WHAT TO PRODUCE: In the answer, each entry below appears exactly as given, and no picture appears at all.

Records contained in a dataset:
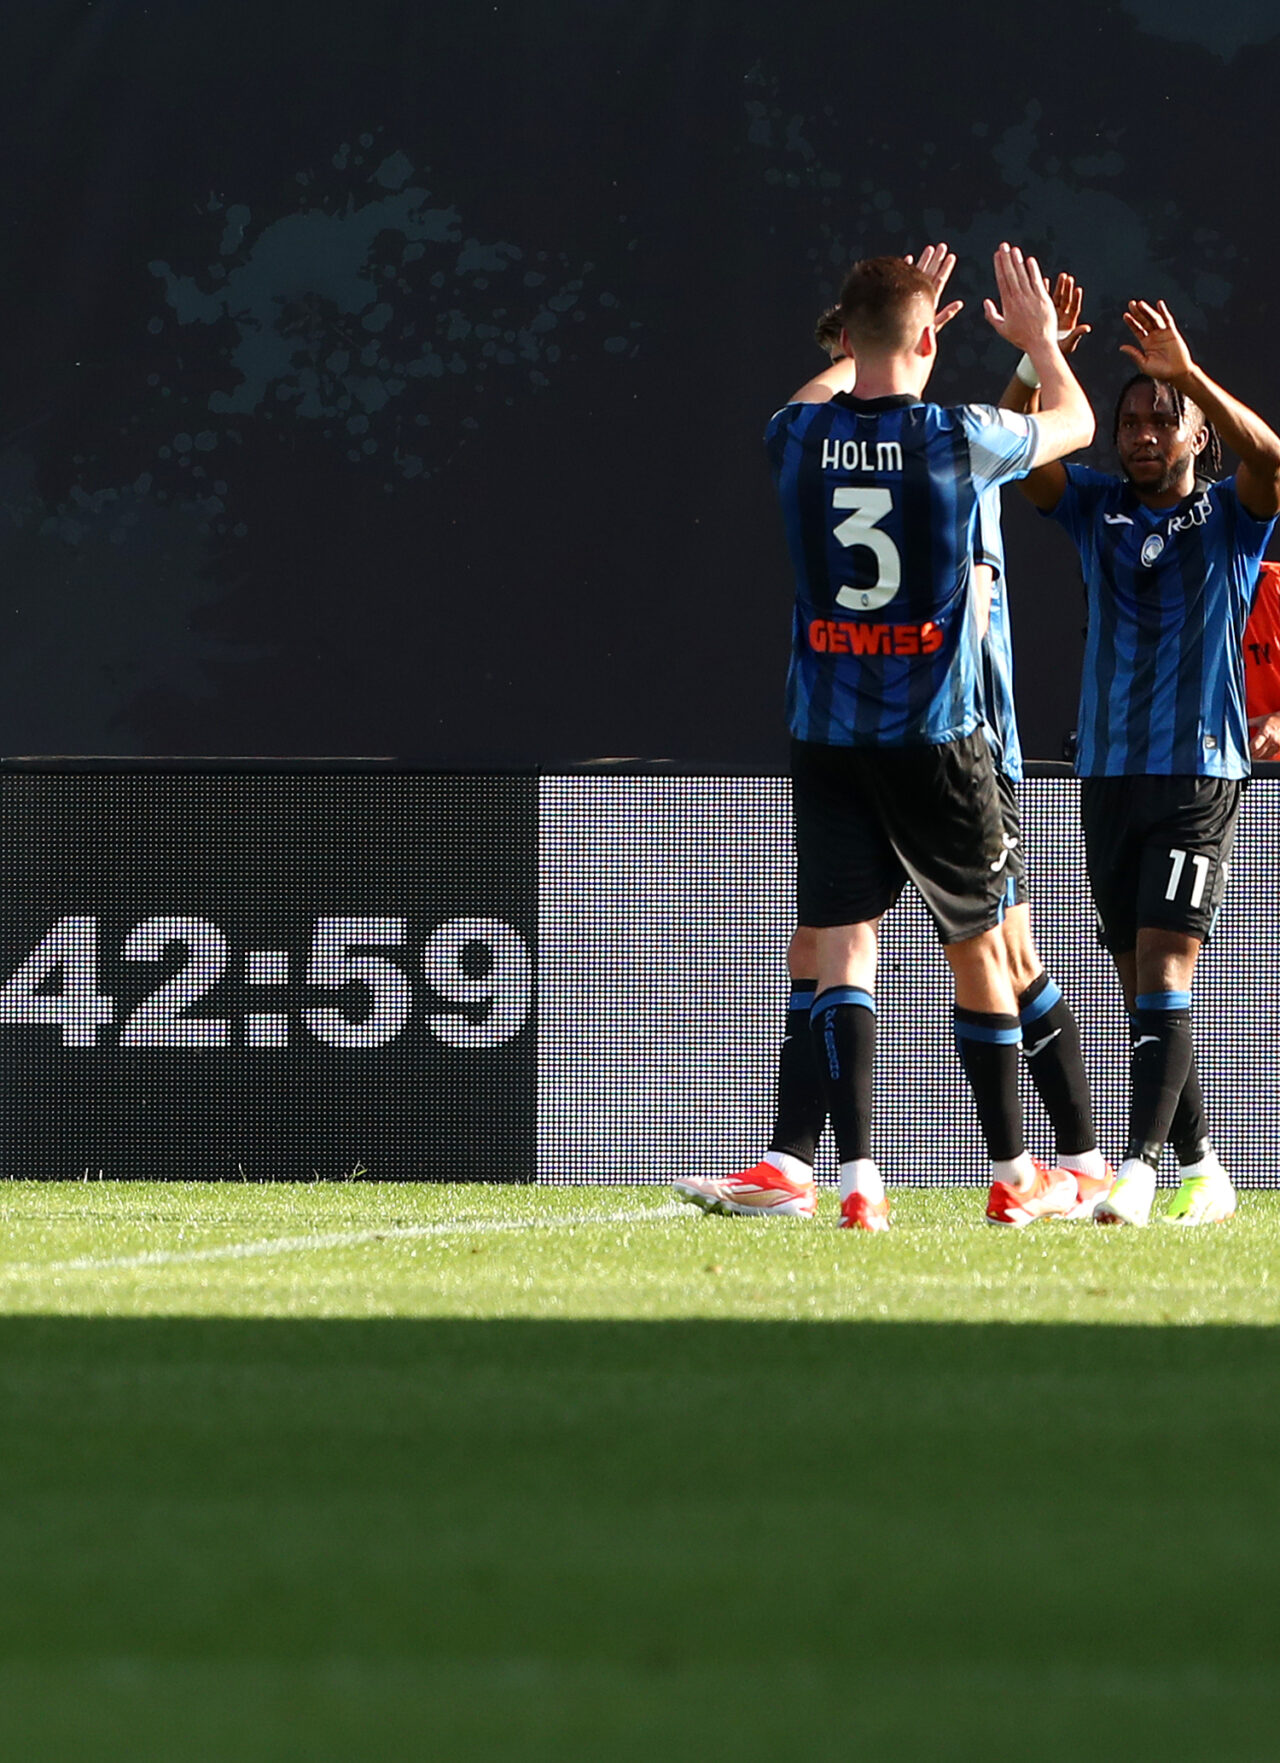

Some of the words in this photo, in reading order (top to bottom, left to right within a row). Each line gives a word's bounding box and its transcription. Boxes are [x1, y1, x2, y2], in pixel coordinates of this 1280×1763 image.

[821, 438, 903, 471] HOLM
[832, 486, 900, 611] 3
[1165, 848, 1210, 908] 11
[0, 915, 533, 1048] 42:59
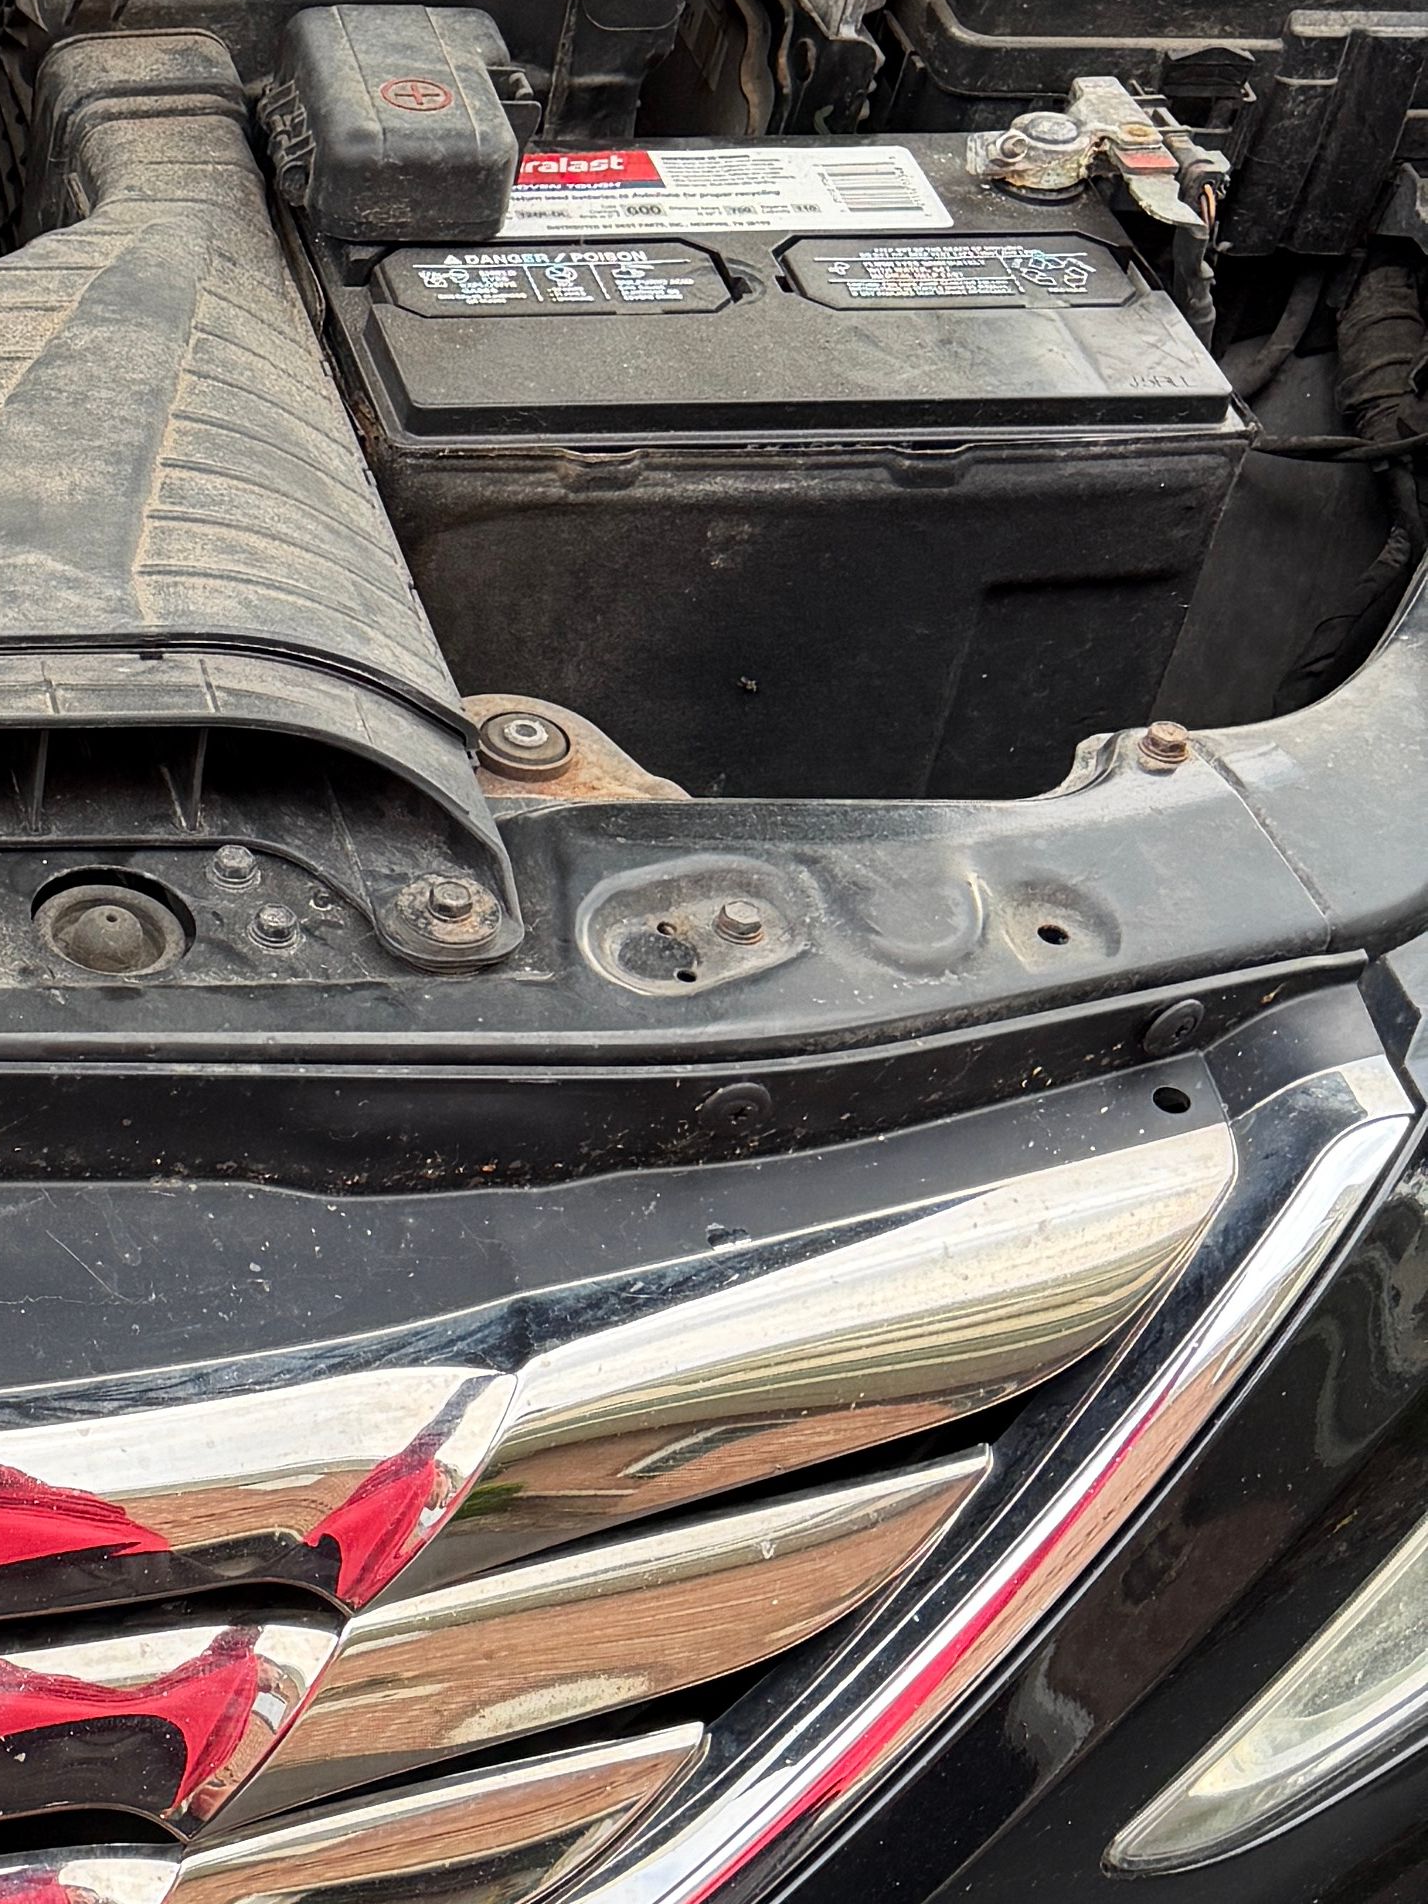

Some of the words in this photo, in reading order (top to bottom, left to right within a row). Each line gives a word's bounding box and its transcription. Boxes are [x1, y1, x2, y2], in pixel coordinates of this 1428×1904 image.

[520, 154, 625, 174] ralast
[567, 181, 622, 190] TOUGH
[626, 204, 662, 217] 600
[464, 253, 550, 265] DANGER
[570, 250, 648, 263] POISON
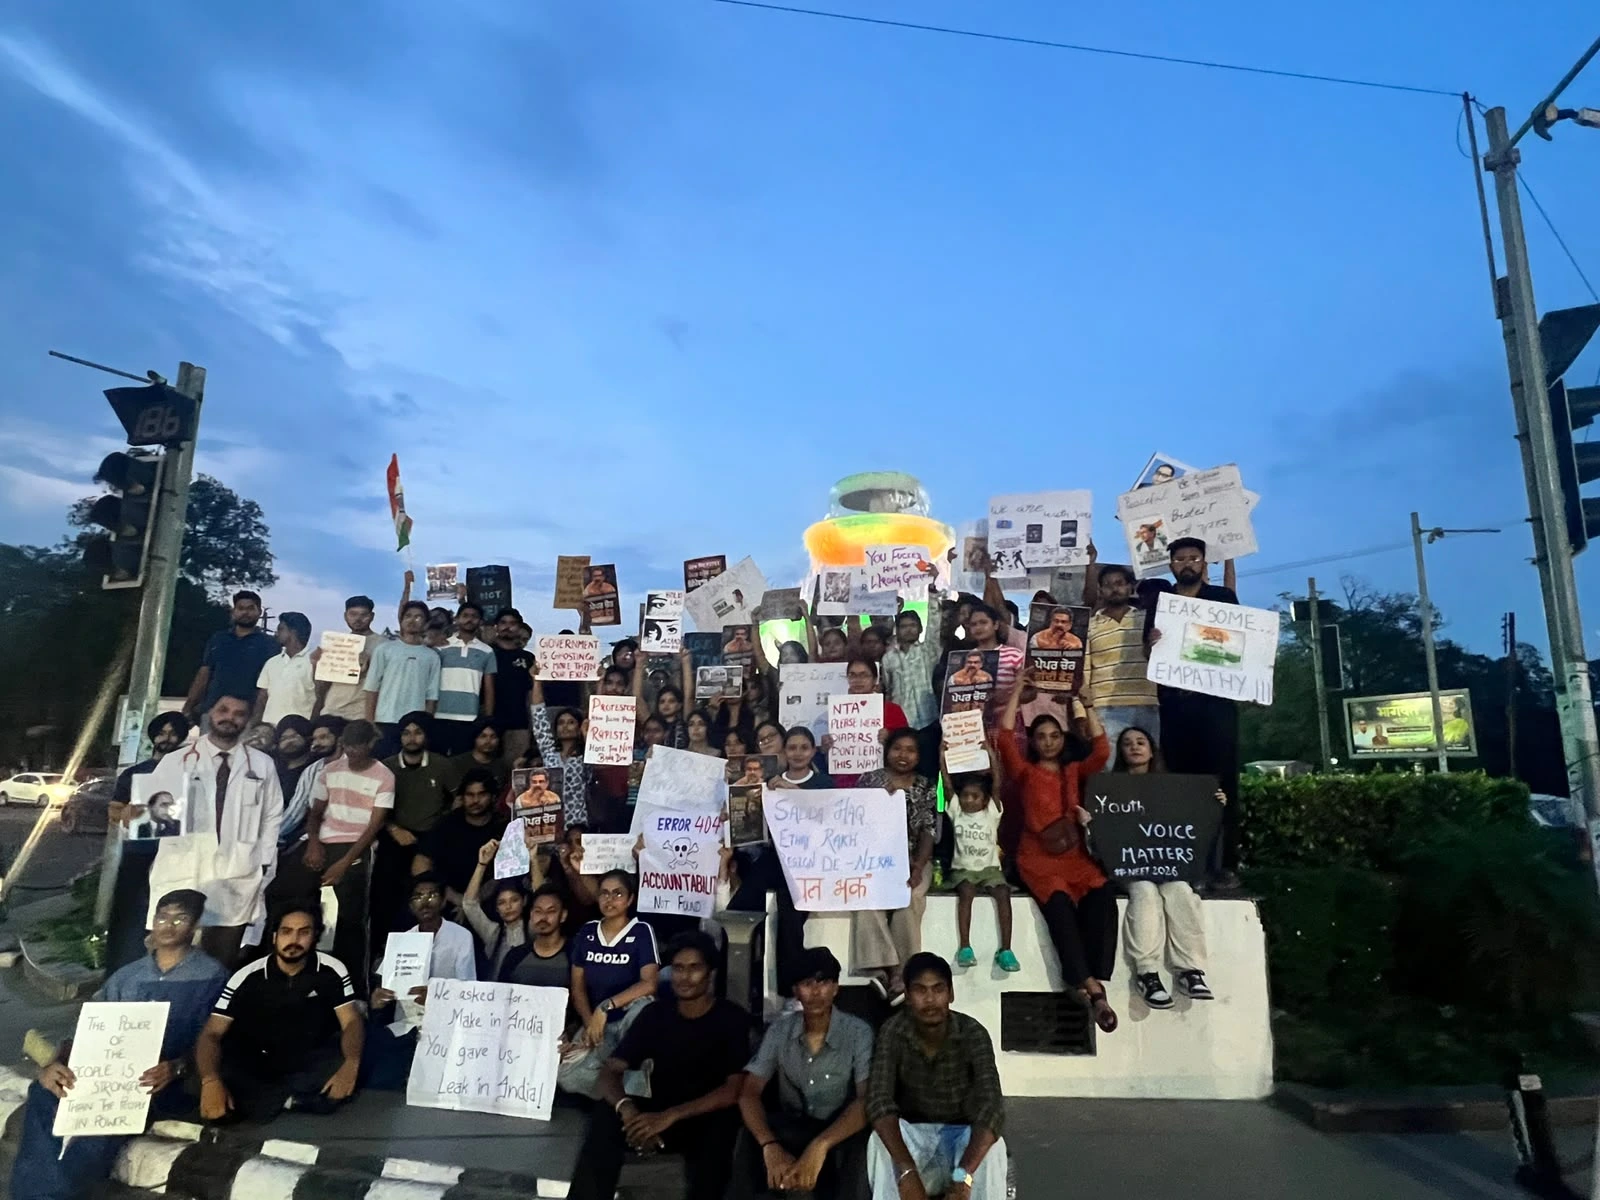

SOLVED EXERCISE:
Some of the words in this photo, in reading order (top to bottom, left to right within a row). Each line gives a word's bounding box and its transcription. Boxes are [x1, y1, x2, y2], in pixel coordinates of this 1280×1763 image.

[821, 438, 903, 471] HOLM
[832, 486, 900, 611] 3
[1165, 848, 1210, 908] 11
[0, 915, 533, 1048] 42:59

Some of the words in this photo, in reading order (top to bottom, left to right within a row). Each line gives a word's bounding box and its transcription. Boxes are [x1, y1, x2, y2], in pixel coordinates of this 1428×1904 image.

[520, 154, 625, 174] ralast
[567, 181, 622, 190] TOUGH
[626, 204, 662, 217] 600
[464, 253, 550, 265] DANGER
[570, 250, 648, 263] POISON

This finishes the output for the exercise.